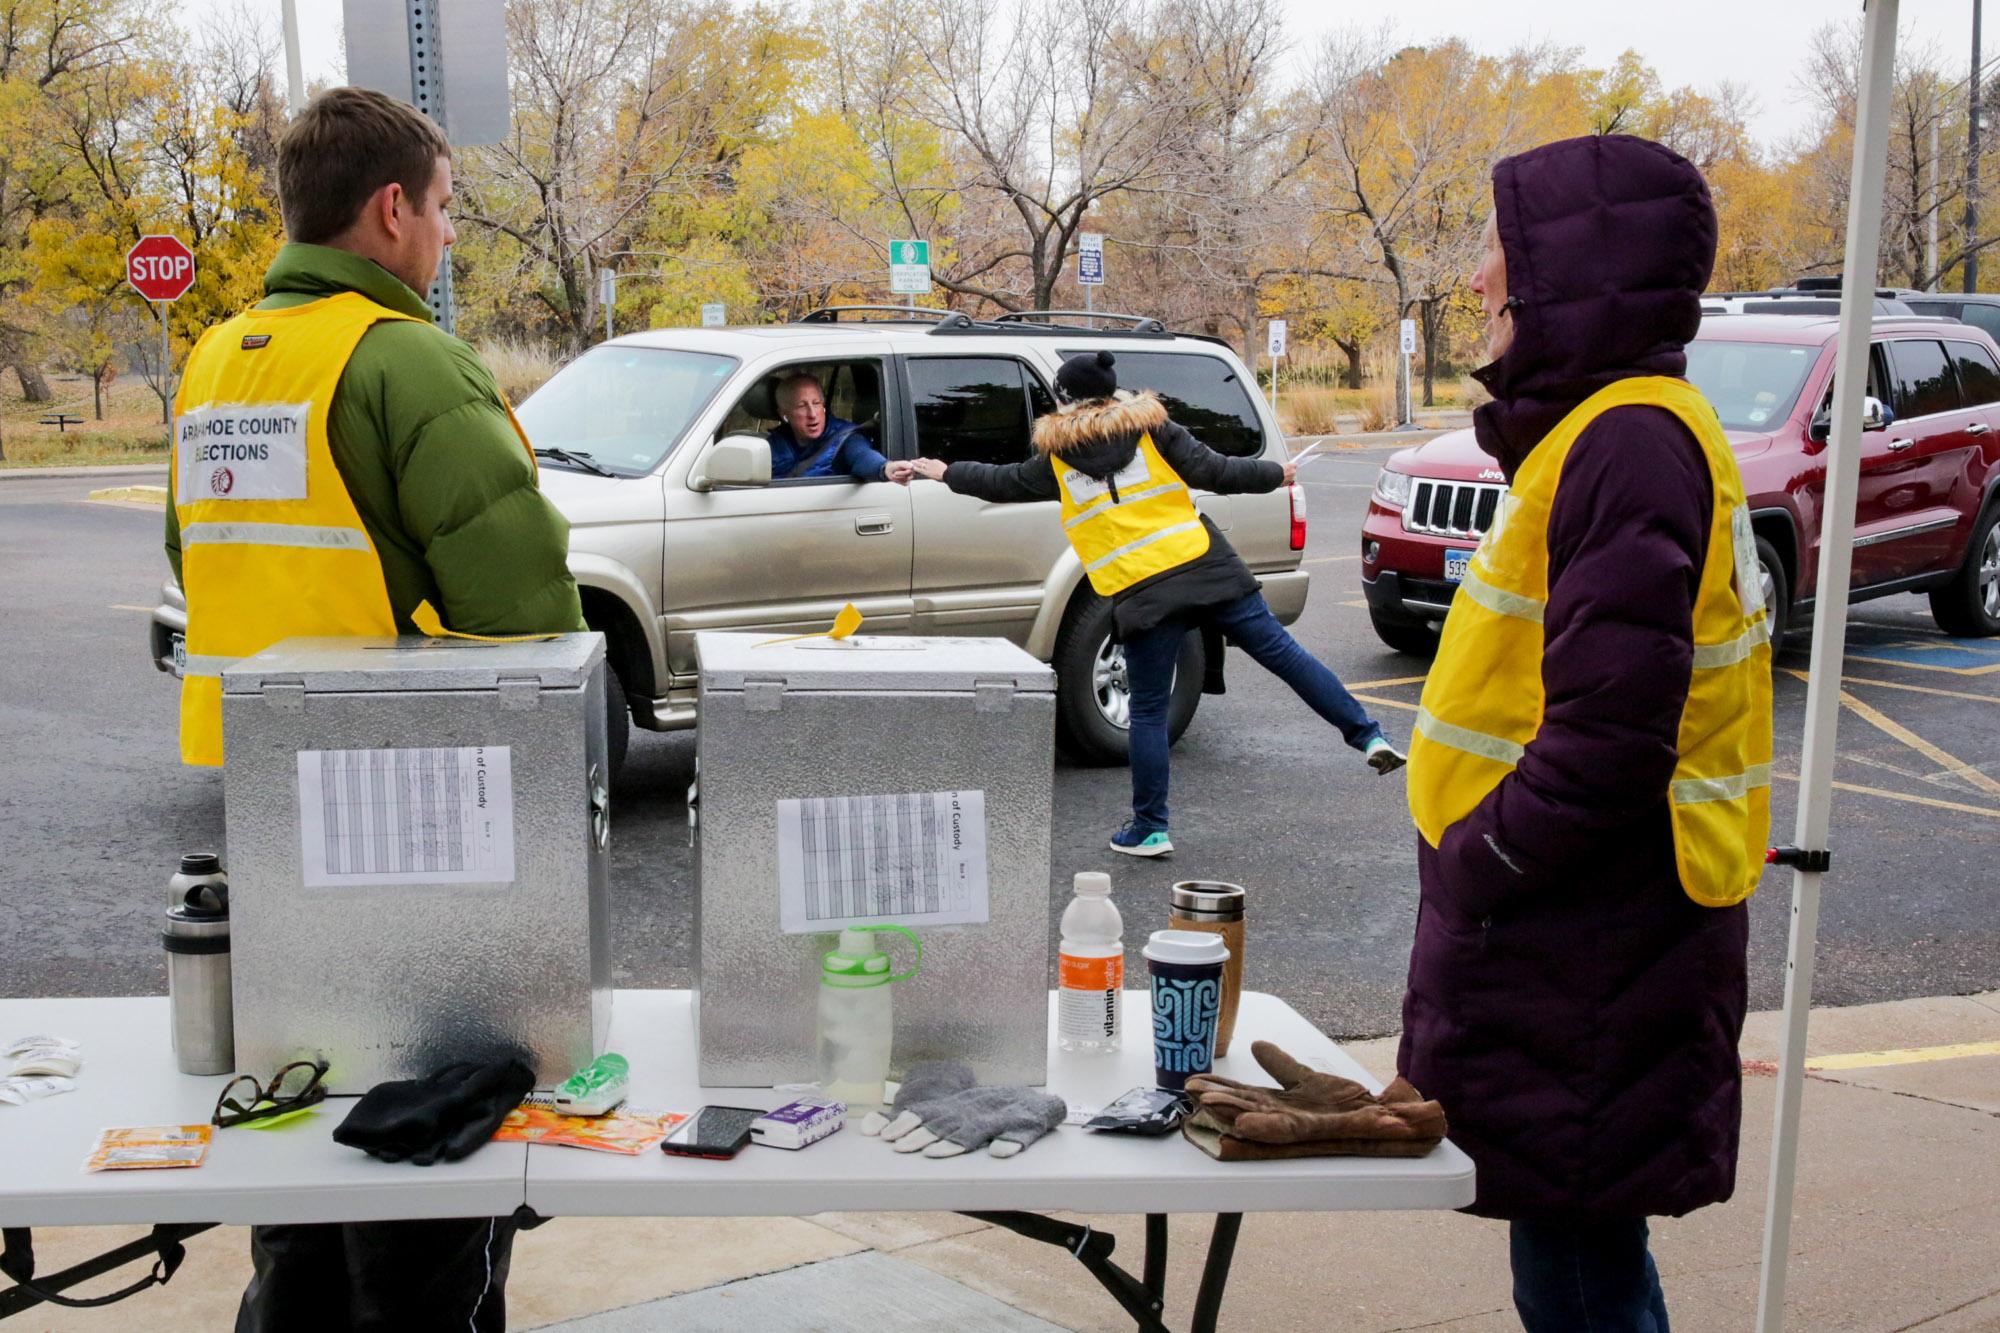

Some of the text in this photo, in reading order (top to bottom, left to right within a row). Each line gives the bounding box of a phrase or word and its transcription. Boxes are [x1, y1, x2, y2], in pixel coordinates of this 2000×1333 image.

[132, 256, 190, 281] STOP
[239, 416, 298, 435] COUNTY
[195, 443, 269, 463] ELECTIONS
[476, 757, 486, 767] of
[476, 769, 487, 809] Custody
[951, 800, 961, 810] of
[952, 812, 963, 851] Custody
[1104, 960, 1115, 1037] vitaminwater

■ **Task brief**: Skipping any pictures, copy the entries exactly as they appear.

■ **Expected answer**:
Some of the text in this photo, in reading order (top to bottom, left to right within a row). Each line gives the bounding box of a phrase or word and its transcription. Boxes are [x1, y1, x2, y2], in pixel coordinates of this 2000×1333 image.

[132, 256, 190, 281] STOP
[239, 416, 298, 435] COUNTY
[195, 443, 269, 463] ELECTIONS
[476, 757, 486, 767] of
[476, 769, 487, 809] Custody
[951, 800, 961, 810] of
[952, 812, 963, 851] Custody
[1104, 960, 1115, 1037] vitaminwater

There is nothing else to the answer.